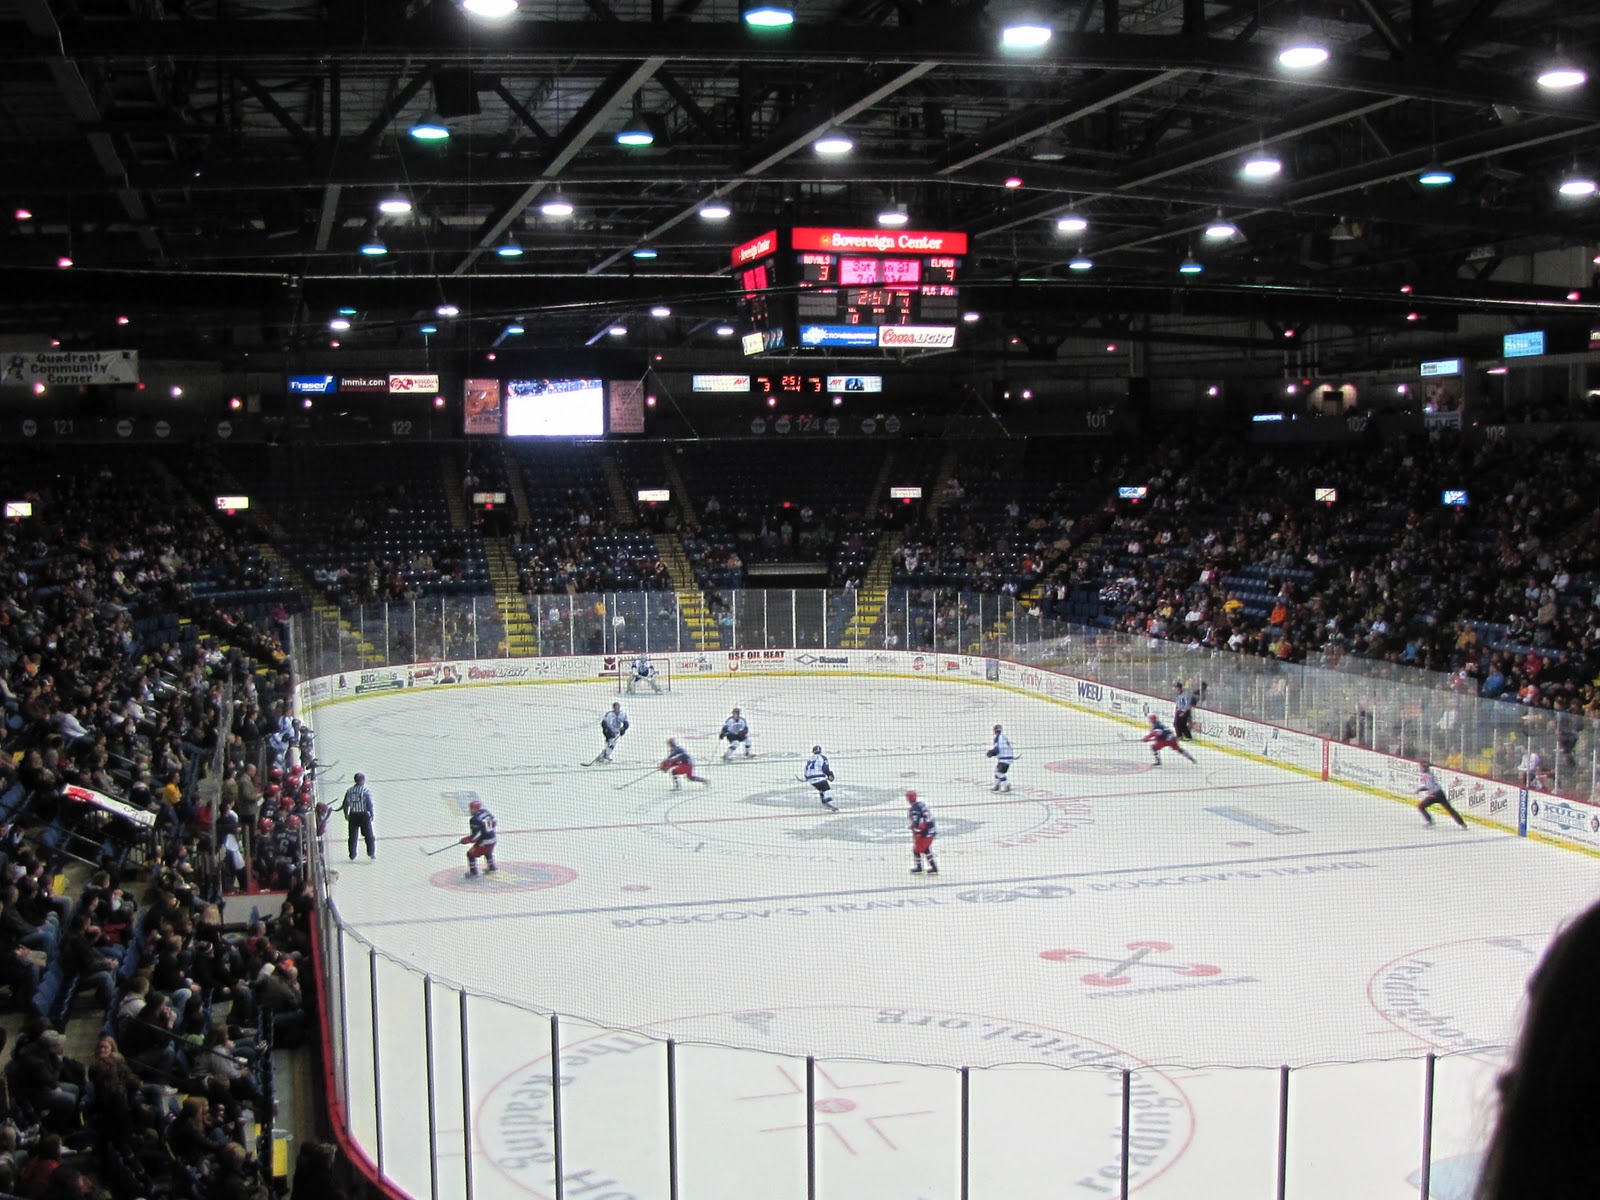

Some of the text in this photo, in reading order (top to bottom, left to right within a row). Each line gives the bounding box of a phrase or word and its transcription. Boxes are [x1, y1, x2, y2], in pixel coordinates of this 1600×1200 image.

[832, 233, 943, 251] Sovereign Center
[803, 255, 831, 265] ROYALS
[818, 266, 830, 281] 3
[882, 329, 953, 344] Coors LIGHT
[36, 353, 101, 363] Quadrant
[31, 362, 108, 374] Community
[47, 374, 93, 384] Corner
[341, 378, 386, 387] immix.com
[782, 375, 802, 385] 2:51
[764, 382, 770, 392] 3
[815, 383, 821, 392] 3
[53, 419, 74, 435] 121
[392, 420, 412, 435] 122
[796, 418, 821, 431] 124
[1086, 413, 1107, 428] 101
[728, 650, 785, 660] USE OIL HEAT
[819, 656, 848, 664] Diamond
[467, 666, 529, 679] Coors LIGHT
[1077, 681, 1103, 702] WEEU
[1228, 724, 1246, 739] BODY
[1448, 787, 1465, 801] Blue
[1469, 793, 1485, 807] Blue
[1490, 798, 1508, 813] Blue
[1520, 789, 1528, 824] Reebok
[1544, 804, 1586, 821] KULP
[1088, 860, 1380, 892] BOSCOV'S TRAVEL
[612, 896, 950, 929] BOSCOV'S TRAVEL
.....
### WHAT THE TASK REQUIRES
Restate the data word for word while omitting each picture.

### RESULT BELOW
Some of the text in this photo, in reading order (top to bottom, left to right within a row). Each line gives the bounding box of a phrase or word and its transcription. Boxes are [x1, y1, x2, y2], in pixel coordinates of this 1600×1200 image.

[832, 233, 943, 251] Sovereign Center
[803, 255, 831, 265] ROYALS
[818, 266, 830, 281] 3
[882, 329, 953, 344] Coors LIGHT
[36, 353, 101, 363] Quadrant
[31, 362, 108, 374] Community
[47, 374, 93, 384] Corner
[341, 378, 386, 387] immix.com
[782, 375, 802, 385] 2:51
[764, 382, 770, 392] 3
[815, 383, 821, 392] 3
[53, 419, 74, 435] 121
[392, 420, 412, 435] 122
[796, 418, 821, 431] 124
[1086, 413, 1107, 428] 101
[728, 650, 785, 660] USE OIL HEAT
[819, 656, 848, 664] Diamond
[467, 666, 529, 679] Coors LIGHT
[1077, 681, 1103, 702] WEEU
[1228, 724, 1246, 739] BODY
[1448, 787, 1465, 801] Blue
[1469, 793, 1485, 807] Blue
[1490, 798, 1508, 813] Blue
[1520, 789, 1528, 824] Reebok
[1544, 804, 1586, 821] KULP
[1088, 860, 1380, 892] BOSCOV'S TRAVEL
[612, 896, 950, 929] BOSCOV'S TRAVEL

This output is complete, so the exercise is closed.